County Commission to Vote on Safety Center Next Week
The safety center to divert the mentally ill and substance abuse offenders from jail has moved further along by Knox County Commission.
In Monday's work session the commission voted to place two resolutions on the agenda for next week's regular meeting.
One resolution is for a 20-year, $1.2 million lease agreement on property for the safety center at 3343 Dewine Road; the other is a three-year contract with the Helen Ross McNabb Center to operate the place — with an option to renew for the three-year terms. The McNabb Center would receive $600,000 from Knox County and $400,000 from the city each year, with an additional $200,000 from the city for building renovations.
Jerry Vagnier, CEO and president of the McNabb Center, answered multiple questions about the scope of the facility, its look and location.
Mostly, commissioners appeared concerned over where patients would be discharged after their three-day stay.
"It's a planned discharge," Vagnier said.
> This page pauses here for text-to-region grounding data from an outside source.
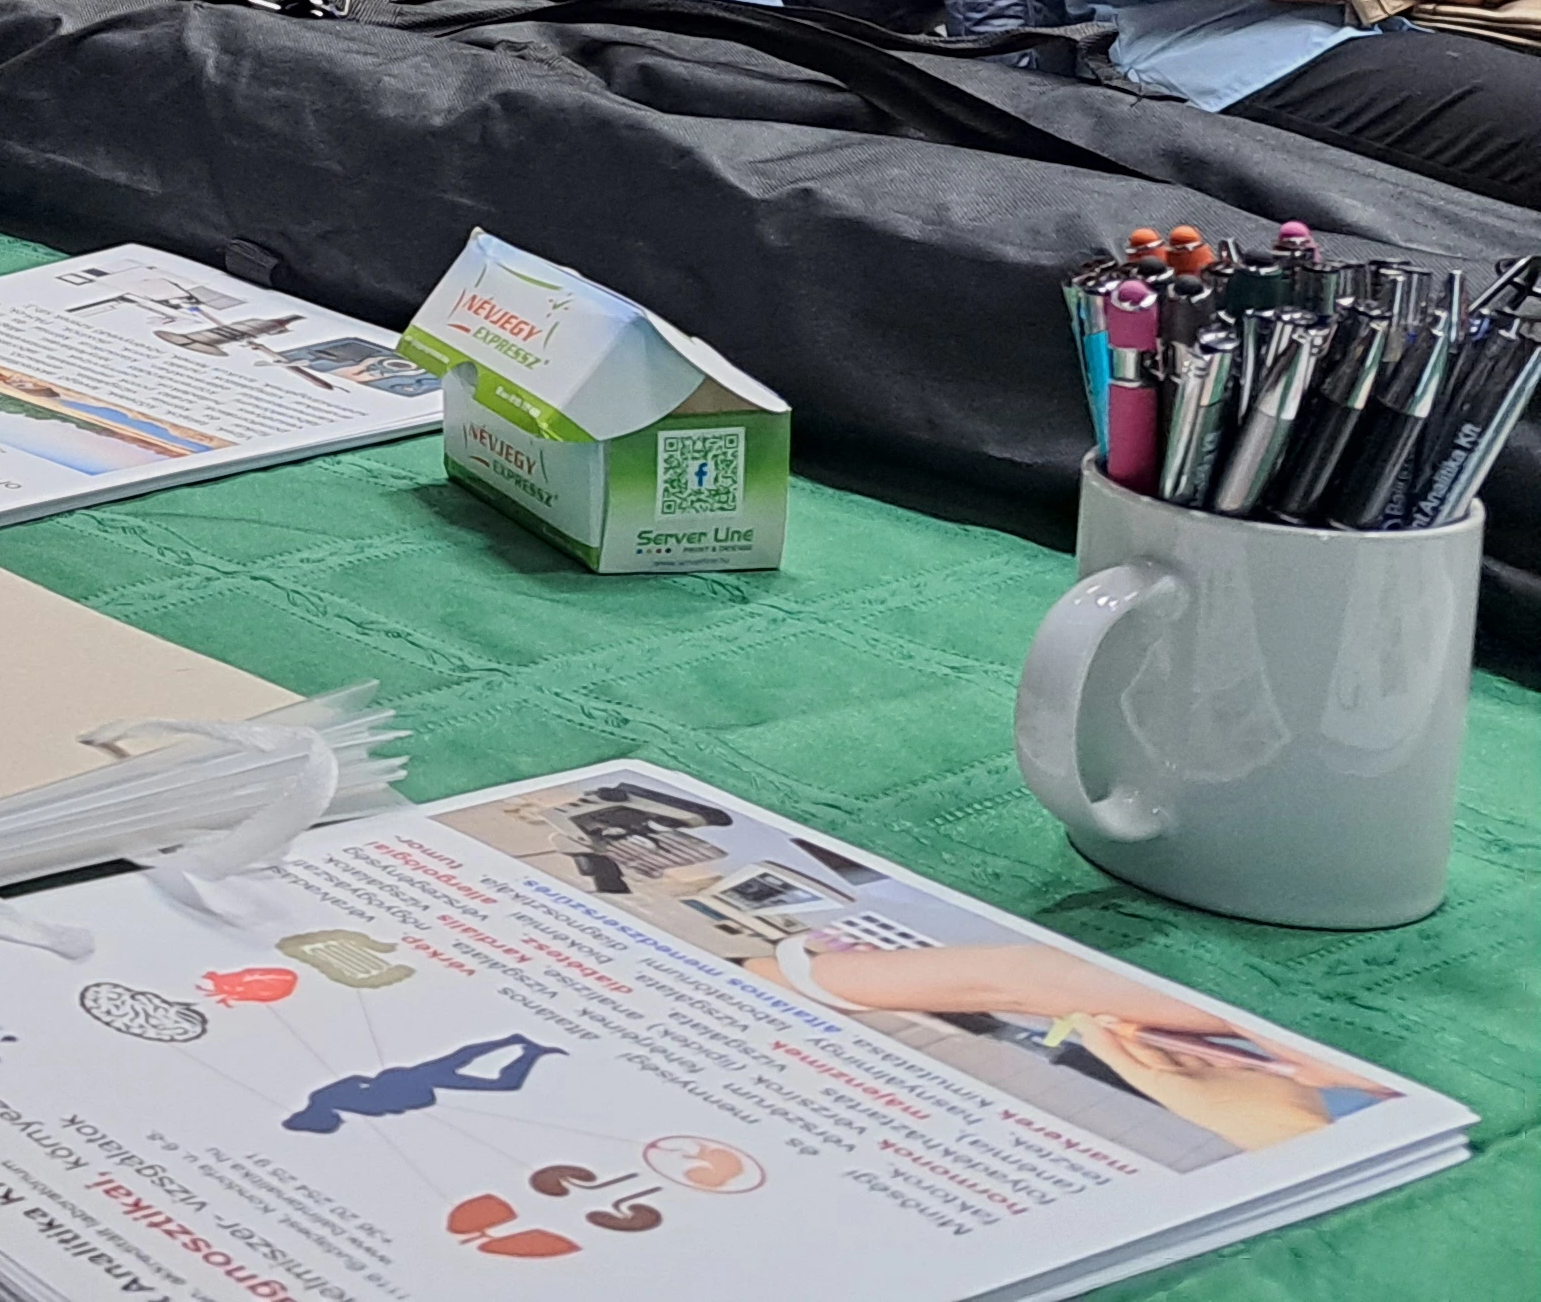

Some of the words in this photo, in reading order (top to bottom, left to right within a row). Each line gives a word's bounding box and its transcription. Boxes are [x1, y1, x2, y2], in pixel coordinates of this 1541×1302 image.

[462, 294, 542, 342] NÉVJEGY
[472, 326, 542, 370] EXPRESSZ
[468, 423, 536, 475] NÉVJEGY
[492, 460, 553, 508] EXPRESSZ
[636, 529, 707, 546] Server
[713, 526, 754, 543] Line
[342, 846, 488, 921] vérszegénység
[436, 914, 532, 963] kardiális
[508, 911, 613, 964] biokémiai
[497, 987, 600, 1039] általános
[728, 978, 841, 1032] általános
[722, 1082, 855, 1152] vérszérum
[1001, 1109, 1137, 1174] markerek
[61, 1114, 207, 1211] vizsgálatok
[784, 1137, 820, 1155] és
[821, 1087, 1055, 1204] folyadékháztartás
[878, 1138, 1028, 1214] hormonok
[23, 1207, 154, 1291] Analitika
[85, 1171, 294, 1302] gnosztikai,
[214, 1215, 354, 1302] elmiszer-
That means that law enforcement would bring patients there, and then take them from the facility. The plan to have inhabitants in the hands of law enforcement came after some push back from nearby residents over the facility. The facility is intended for people who would be taken to jail for a low-level misdemeanor, but need treatment instead. Vagnier and others said that law enforcement personnel would help determine who needs to go there.
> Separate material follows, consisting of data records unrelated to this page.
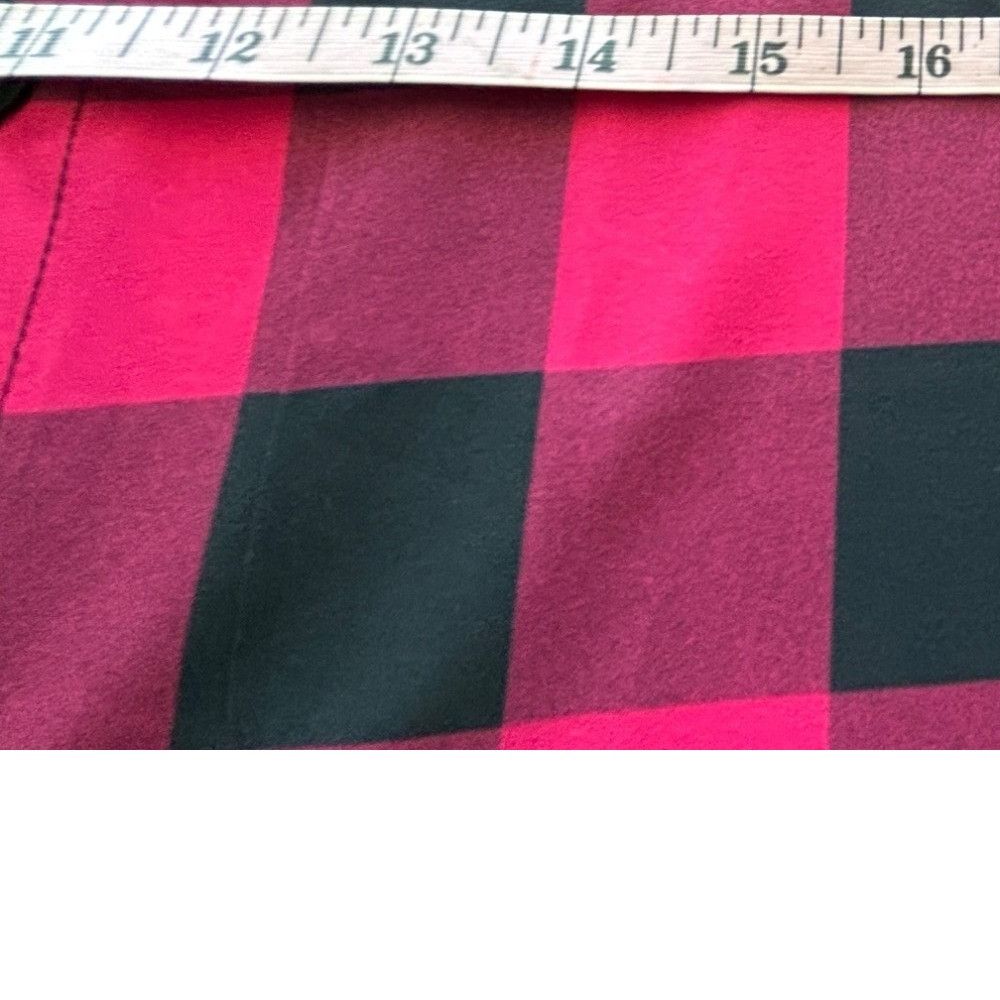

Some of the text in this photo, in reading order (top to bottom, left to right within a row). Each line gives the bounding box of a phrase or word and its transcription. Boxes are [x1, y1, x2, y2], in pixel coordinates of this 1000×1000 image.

[0, 27, 67, 58] 11
[187, 31, 265, 63] 12
[372, 31, 438, 65] 13
[553, 38, 617, 73] 14
[728, 41, 788, 75] 15
[896, 44, 951, 79] 16
People coming to the center would enter and exit through a single secure door, Vagnier said.
Knox County Mayor Tim Burchett, Knoxville Mayor Madeline Rogero and Sheriff Jimmy "J.J." Jones have worked to generate local support and state interest. Gov. Bill Haslam has set aside $15 million for "pre-arrest diversion infrastructure."
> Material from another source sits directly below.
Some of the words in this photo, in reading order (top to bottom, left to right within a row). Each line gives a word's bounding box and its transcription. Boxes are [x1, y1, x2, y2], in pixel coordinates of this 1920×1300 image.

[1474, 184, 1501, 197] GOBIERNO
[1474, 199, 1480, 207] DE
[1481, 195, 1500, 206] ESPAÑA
"It's not a place to detox drunks," Jones said.
He said that it would work to help people get the stabilization and path to long-term care.
"And if it's not that, the sheriff's office will not be involved in it," Jones said.
Commissioner Randy Smith, who represents the district where the facility is planned, had multiple questions but did not deny the need of the location.
"I’m going to make it perfectly clear to everyone ... that I fully support what they're trying to do," Smith said.
Smith said the greater community has reached a point where the facility is needed.